Ein spiegelverkehrtes Bild in Wallonien

In Wallonien sehen wir ein spiegelverkehrtes Bild: Die sozialistische PS bekommt dort zwar eine Ohrfeige, aber das wird durch den Sieg der Grünen von Ecolo wieder ausgeglichen. So könnte man auch dort relativ schnell eine Regierung bilden: eine linke Achse, ergänzt durch die christdemokratische CDH.

In Brüssel wäre Ecolo die größte Partei, gefolgt von der liberalen MR und der sozialistischen PS.

Doch was ist mit der belgischen Bundesregierung?
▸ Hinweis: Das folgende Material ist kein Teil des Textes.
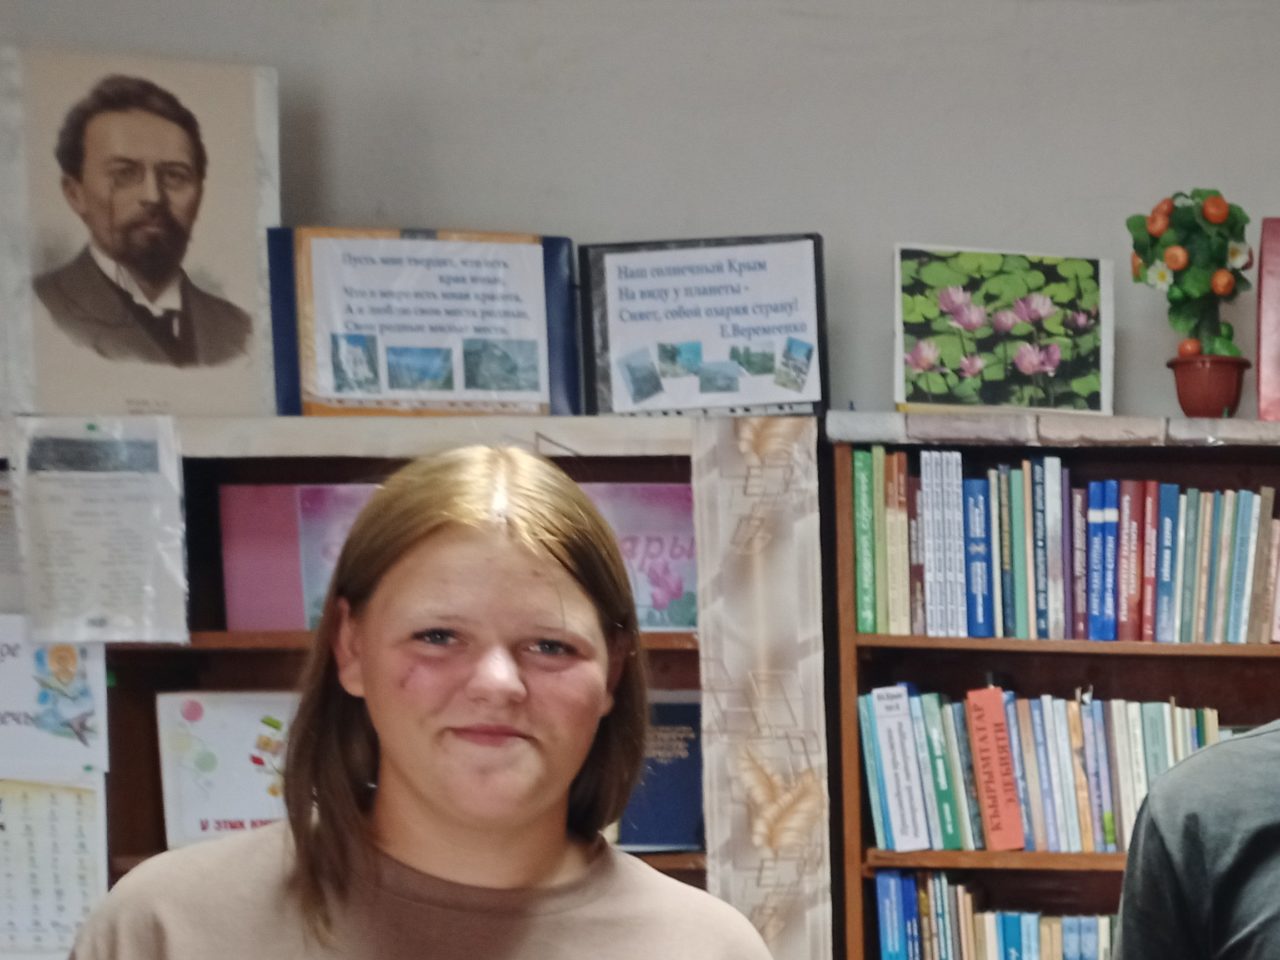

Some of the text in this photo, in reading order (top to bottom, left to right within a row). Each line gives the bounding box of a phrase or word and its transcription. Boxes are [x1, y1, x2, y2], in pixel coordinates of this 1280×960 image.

[617, 259, 767, 280] Наш солнечный Крым
[618, 287, 636, 301] На
[639, 285, 670, 300] виду
[672, 286, 681, 299] у
[683, 282, 742, 298] планеты
[751, 297, 799, 317] страну!
[972, 703, 1002, 832] КЪЫРЫМТАТАР
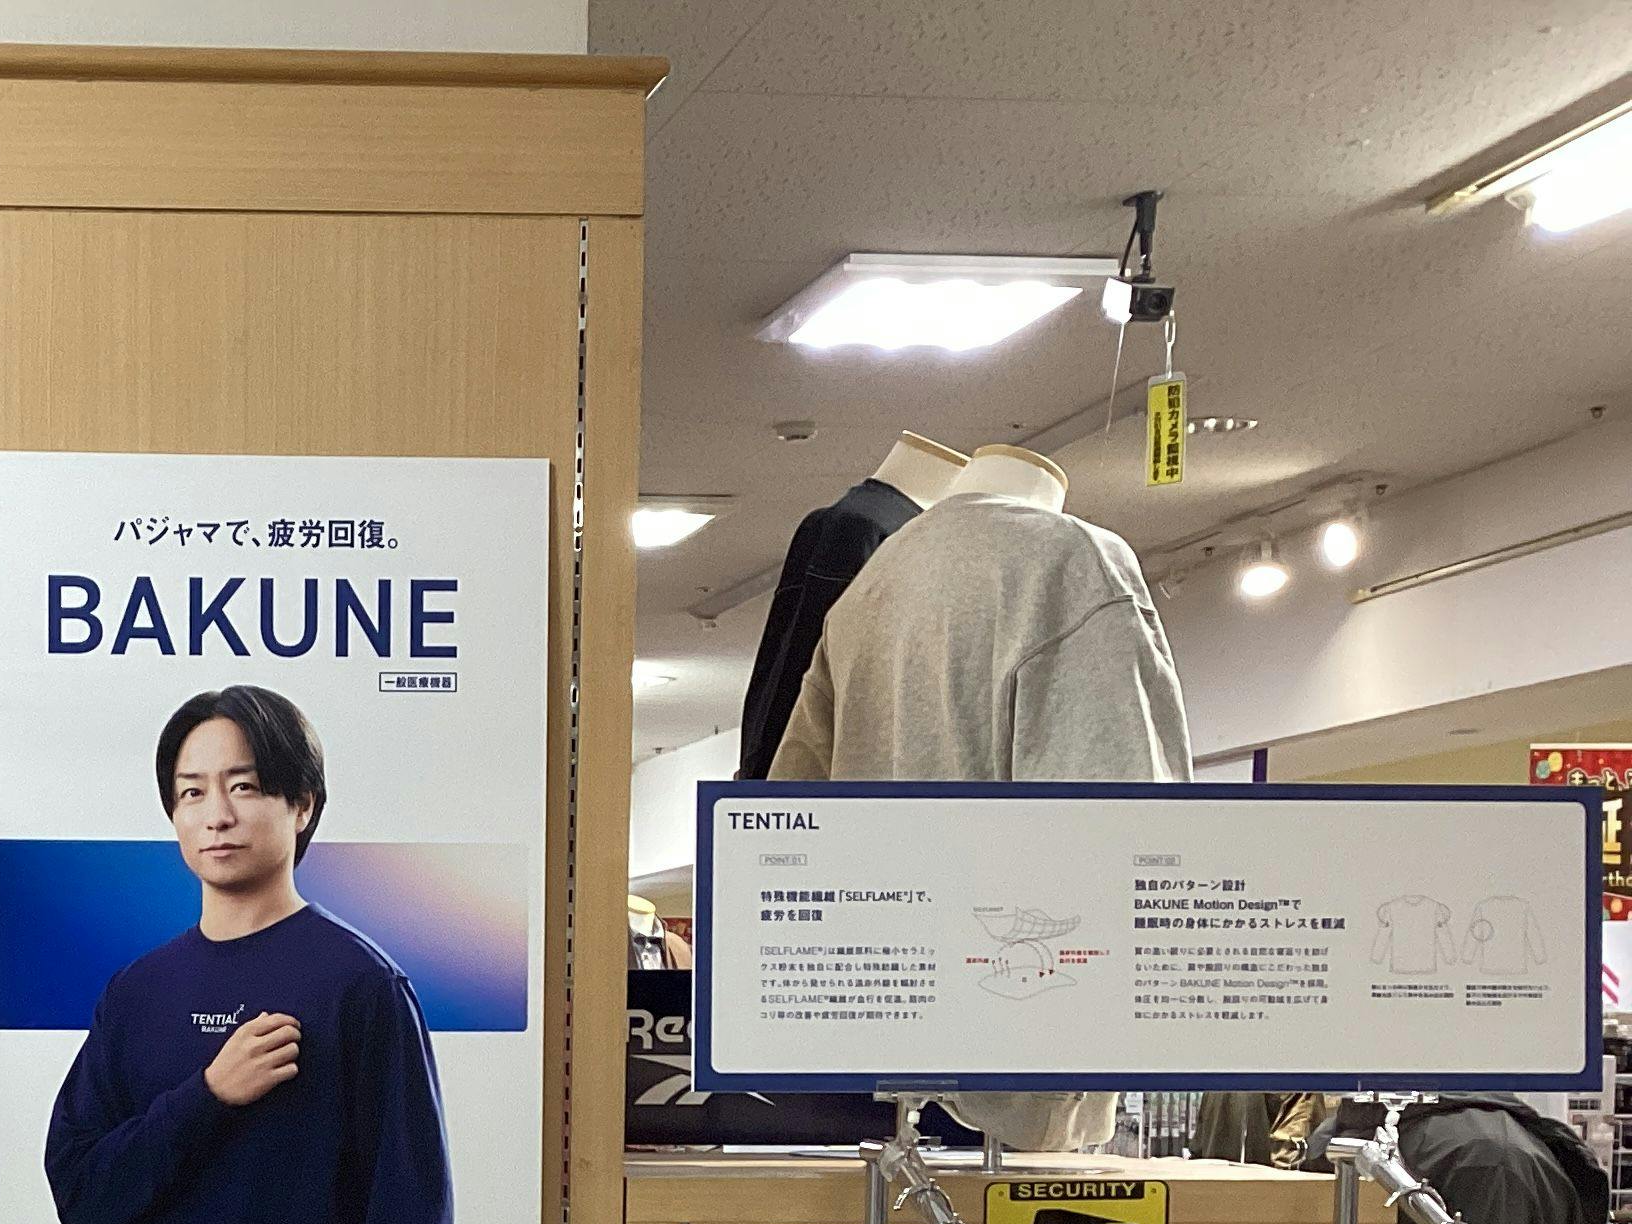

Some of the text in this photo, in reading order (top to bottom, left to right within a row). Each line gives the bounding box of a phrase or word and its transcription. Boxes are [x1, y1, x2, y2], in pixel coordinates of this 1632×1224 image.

[113, 516, 399, 550] パジャマで、疲労回復。
[46, 573, 459, 659] BAKUNE
[384, 676, 453, 690] 一般医療機器
[728, 812, 820, 830] TENTIAL
[1134, 879, 1246, 892] 独自のパターン設計
[1134, 899, 1189, 911] BAKUNE
[1193, 899, 1234, 911] Motion
[760, 909, 823, 922] 疲労を回復
[191, 1012, 238, 1025] TENTIAL
[626, 1009, 691, 1050] Re
[1017, 1182, 1137, 1199] SECURITY
Die Kluft zwischen den beiden Sprachgemeinschaften scheint im Moment unüberbrückbar zu sein.

Trotz der hohen Scores der rechten Parteien in Flandern scheint es sicher, dass Ecolo und PS zusammen mit möglicherweise einem Dritten relativ leicht Regionalregierungen in Wallonien und Brüssel bilden können.

Mögliche Koalitionen?

Lassen Sie uns einen Blick auf die möglichen Mehrheiten in der Kammer werfen. Gehen wir davon aus, dass der Vlaams Belang ausgegrenzt wird (Cordon Sanitaire), gibt es nicht viele Möglichkeiten.
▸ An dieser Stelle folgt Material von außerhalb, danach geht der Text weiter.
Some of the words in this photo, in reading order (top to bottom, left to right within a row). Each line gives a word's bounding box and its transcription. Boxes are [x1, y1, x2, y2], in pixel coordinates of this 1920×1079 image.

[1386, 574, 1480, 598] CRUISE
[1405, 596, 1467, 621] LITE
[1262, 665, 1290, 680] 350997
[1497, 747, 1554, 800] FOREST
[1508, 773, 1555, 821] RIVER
Liberale, Sozialisten und Grüne (Violett) schien lange Zeit eine Option zu sein, aber inzwischen auch wieder nicht mehr. Nach den ersten Prognosen - wir müssen hier sehr vorsichtig sein - werden diese 75 von 150 Sitzen erreichen. Eine Möglichkeit ist, Défi - die ehemalige FDF - mit ihren vier Sitzen hinzu zu holen.

Eine weitere Möglichkeit wäre eine Olivenbaumkoalition - mit Christdemokraten, Sozialisten und Grünen - ergänzt eventuell durch die MR.  Oder mit der linken PTB/PVDA, die nach jahrelangem Drängen auch auf der flämischen Seite die Wahlschwelle überschreitet.

Oder man entscheidet sich für eine Kombination aller großen Familien, ohne N-VA: grün, rot, blau und orange. Diese Kombination erhält eine sehr große Mehrheit.

Jede dieser Koalitionen würde auf der flämischen Seite jedoch auf großen Widerstand stoßen. Sie sind nicht nur Riesenkoalitionen, sondern haben auch keine Mehrheit auf flämischer Seite und sie wenden sich zudem gegen den allgemeinen Trend in Flandern, wo man rechts und nicht links abgestimmt hat.

Und dann gibt es noch eine weitere Möglichkeit: dass ein rechter Block auf der flämischen Seite - zum Beispiel N-VA, Open VLD und CD&V - mit einem linken französischsprachigen Block zusammenarbeitet, dessen Achse PS und Ecolo bilden. Bart De Wever hat bereits angekündigt, dass wir in diesem Moment in neue Diskussionen über eine Staatsreform und Konföderalismus münden werden.

Die heutige Koalition fortsetzen geht nicht mehr

Was auf keinen Fall möglich ist, ist eine Fortsetzung der schwedischen Koalition, d.h. aus N-VA, Open VLD, CD&V und MR. Selbst mit der CDH auf der französischsprachigen Seite, fehlen in einem solchen Bündnis noch fünf Sitze. Eine mögliche Option wäre, die PS mit ins Boot zu holen. Doch auch dann könnten wir auf Reformverhandlungen zusteuern.

Was auch nicht möglich ist: Vlaams Belang in die Mehrheit aufnehmen, selbst dann nicht, wenn sie keinen Ministerposten bekommen würden. Keine französischsprachige Partei würde sich beteiligen wollen.

In der Zwischenzeit ist und bleibt die N-VA die größte Partei in der Kammer. Die größte Familie ist ex aequo mit 28 Sitzen die Liberalen und Sozialisten.